Informazioni ordini
| Nome del prodotto | Codice del prodotto | UNITÀ | Prezzo | Quantità | Preferiti | |
GALE Plasmide Double Nickase (h) | sc-408127-NIC | 20 µg | $410.00 | |||
GALE Plasmide Double Nickase (h2) | sc-408127-NIC-2 | 20 µg | $410.00 |
GALE codifica l’UDP-galattosio-4-epimerasi, un enzima citosolico che interconvertisce in modo reversibile UDP-galattosio e UDP-glucosio e catalizza anche l’epimerizzazione UDP-GalNAc/UDP-GlcNAc necessaria per il metabolismo degli amminozuccheri. Attraverso queste reazioni, GALE sostiene la via di Leloir per l’utilizzo del galattosio e fornisce substrati zucchero-nucleotide per la glicosilazione, influenzando la biosintesi di proteoglicani e glicoproteine nella via secretoria. Un’alterazione dell’attività di GALE compromette l’omeostasi cellulare dei carboidrati e può modificare la composizione dei glicani, con effetti a valle sul ripiegamento, il traffico intracellulare e la segnalazione proteica. La disfunzione di GALE nell’uomo è associata a forme di galattosemia, rendendo questo gene un nodo utile per studiare, in sistemi modello, le risposte allo stress metabolico e i fenotipi legati alla glicosilazione.

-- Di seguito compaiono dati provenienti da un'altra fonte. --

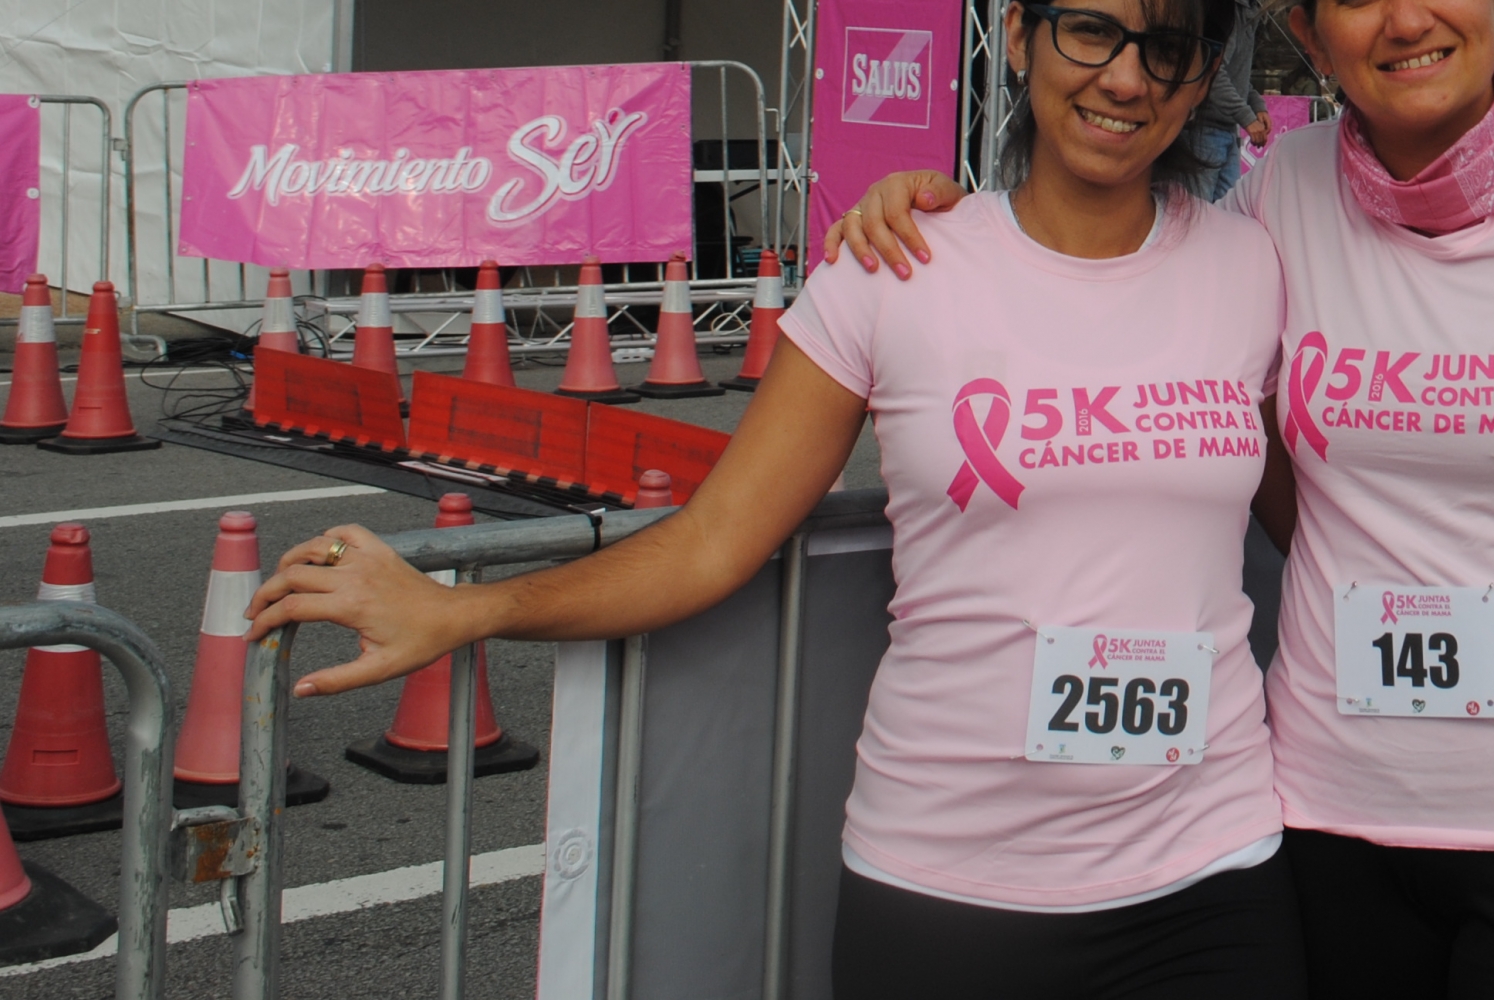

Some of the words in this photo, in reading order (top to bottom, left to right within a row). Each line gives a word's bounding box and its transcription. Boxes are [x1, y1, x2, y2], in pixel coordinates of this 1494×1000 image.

GALE Il plasmide Double Nickase (h) consiste in una coppia di plasmidi ingegnerizzati per l'editing ad alta specificità del locus GALE nelle linee cellulari human. Ciascun plasmide esprime una nickasi Cas9 D10A e un sgRNA distinto che prende di mira filamenti di DNA opposti all'interno di GALE. Quando indirizzate verso siti adiacenti su filamenti di DNA opposti, le due nickasi generano tagli a filamento singolo sfalsati che insieme producono una rottura a doppio filamento sfalsata, richiedendo un'attività coordinata sul bersaglio da entrambe le guide. La rottura del DNA risultante viene risolta da vie di riparazione cellulare endogene, più comunemente attraverso la giunzione non omologa delle estremità (NHEJ), portando a inserzioni o delezioni che interrompono la funzione di GALE. Richiedendo il coinvolgimento di due sgRNA nel locus bersaglio, l'approccio a doppia nickasi migliora la specificità dell'editing e fornisce una strategia CRISPR complementare per applicazioni in cui è desiderato un controllo aggiuntivo sulla precisione del targeting.
Per supportare l'identificazione efficiente delle cellule modificate, un plasmide codifica la GFP per la visualizzazione fluorescente delle popolazioni trasfettate, mentre il plasmide di accompagnamento porta un gene di resistenza alla puromicina per la selezione antibiotica. Insieme, queste caratteristiche supportano l'arricchimento efficiente delle popolazioni co-trasfettate e semplificano la convalida dei cloni con GALE interrotto.
Solo per uso di ricerca. Non destinato a uso diagnostico o terapeutico.